The Rooster Bar
- First edition (US)
- Author: John Grisham
- Language: English
- Genre: Legal thriller
- Publisher: Doubleday (US) Hodder & Stoughton (UK
- Publication date: October 24, 2017
- Publication place: United States
- ISBN: 978-0-385-54117-6

= The Rooster Bar =

John Grisham novel

The Rooster Bar is the 25th legal thriller novel by John Grisham. Grisham was inspired to create the story after reading an article titled "The Law-School Scam" that appeared in The Atlantic magazine in 2014.

==Plot==

Three third-year law students – Mark Frazier, Todd Lucero, and Zola Maal – all attend Foggy Bottom Law School (FBLS), a third-tier Washington establishment with a reputation as a diploma mill. Zola contacts Mark and Todd when her boyfriend, Gordon Tanner, stops taking medication for his worsening bipolar disorder.

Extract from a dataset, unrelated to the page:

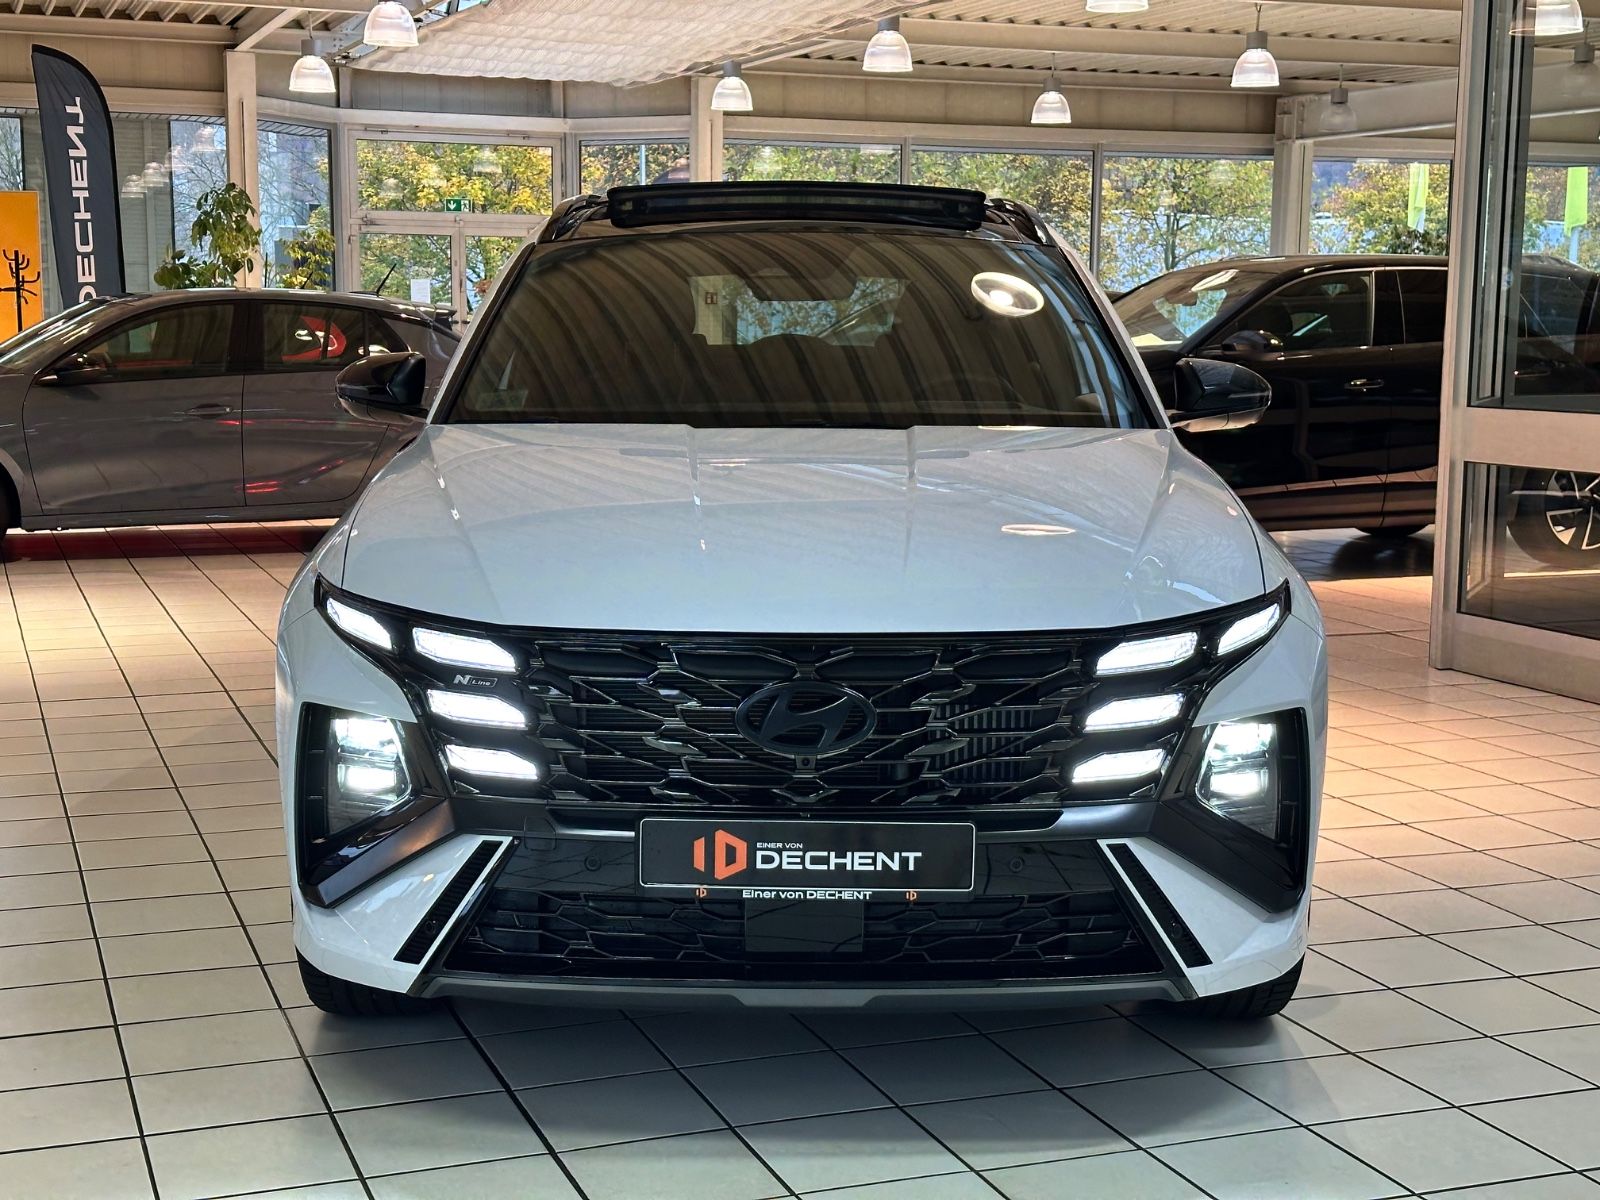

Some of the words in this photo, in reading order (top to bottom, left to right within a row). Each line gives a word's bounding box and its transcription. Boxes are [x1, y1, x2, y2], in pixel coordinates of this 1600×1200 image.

The trio discover that Gordon, in his mania, has been collecting evidence that Hinds Rackley, the investor who owns FBLS, runs a network of schools, law firms and banks which ensures that FBLS' students are stuck in a cycle of debt while Rackley makes millions in the process. Although this practice isn't illegal, Gordon is convinced that there's enough for a class-action lawsuit that would, at the very least, expose Rackley's fraud. Later that night, Gordon gets drunk and flees the apartment, getting arrested for driving under the influence. The trio bail him out with the help of Darrell Crowley, a professional street lawyer, and Mark tries to find Gordon's doctor. Before he can, however, Gordon escapes again and commits suicide by jumping off a bridge.

Distraught, and blamed for Gordon's death by his family and friends, Mark and Todd realize that they have no future at FBLS; Mark's promised job at a D.C. firm is withdrawn, and both he and Todd drop out. The two get jobs at the Rooster Bar, a pub owned by Todd's boss, Maynard. Mark persuades Maynard to lease the two some office space, and they, together with Zola, set up an unlicensed firm called Upshaw, Parker and Lane (UPL). Inspired by Crowley, Mark and Todd decide to pose as lawyers under assumed identities and work the D.C. courts for clients, arguing to Zola that they can get rich while avoiding FBLS and their creditors, so long as no one discovers that they are engaged in a criminal enterprise. Uncertain, but aware that she also has nothing better to look forward to, Zola agrees to join them.

UPL is initially a success, with Mark and Todd winning several victories and collecting payouts while Zola attempts to expand their practice into personal injury, an area that none of them have any real expertise in. Seeking a quick payday, Mark agrees to file a lawsuit on behalf of Ramon Taper, a man whose newborn son died due to negligence on the part of the hospital. An expert assures Mark that his case is sound, and he refers it to another lawyer, Jeffrey Corbett, who informs Mark that he's been deceived: the statute of limitations on the case ran out while he was preparing it, meaning he and UPL could now be sued for malpractice by their client. With no other way out, Mark reluctantly informs Edwin Mossberg, the lawyer for Ramon's ex-wife, that he is not a lawyer and would therefore be ruined if the case were to proceed. Mossberg agrees to drop the suit but passes the information along to the D.C. bar. Meanwhile, Ramon, furious that Mark has stopped taking his calls, hires Crowley as his new attorney.

Mark, Todd, and Zola decide to focus their efforts on Swift Bank, one of Rackley's outfits, which will soon have to pay billions in settlements over charges that it defrauded its customers. By inventing thousands of fake clients and forwarding them to different firms involved in the settlement, the three bet that they can make enough money to flee the country just as the bar's investigation heats up. Maynard fires Mark and Todd to protect himself, and the police arrest them for practicing without licenses, though they are allowed to go free so long as they stay in town. In the middle of it all, Zola is forced to travel to Senegal after her immigrant parents are extorted by corrupt officials. Using $26,000 from UPL's account provided by Mark and Todd, she is able to hire a well-connected lawyer, Idina Sanga, who gets them released from custody. At the same time, Mark and Todd blackmail Rackley with Gordon's evidence to stop dragging his feet on the settlements. At Mark and Todd's trial, Crowley, Ramon, and many of their former clients cause a scene when they reveal the extent of UPL's misconduct.

Setting up a hedge fund in the Caribbean to handle their finances, Mark and Todd obtain fake passports and leave the United States just as evidence of their fraud allows Rackley to force a temporary halt to the settlements, but not before enough money is transferred to the fund to allow them to reunite with Zola in Senegal. With news that a grand jury has indicted all three on racketeering charges, Mark cuts several checks to pay off their law school debts as well as take care of their families. Knowing that they will never be able to return home, they assume false identities and purchase a bar to run, which they name the Rooster Bar.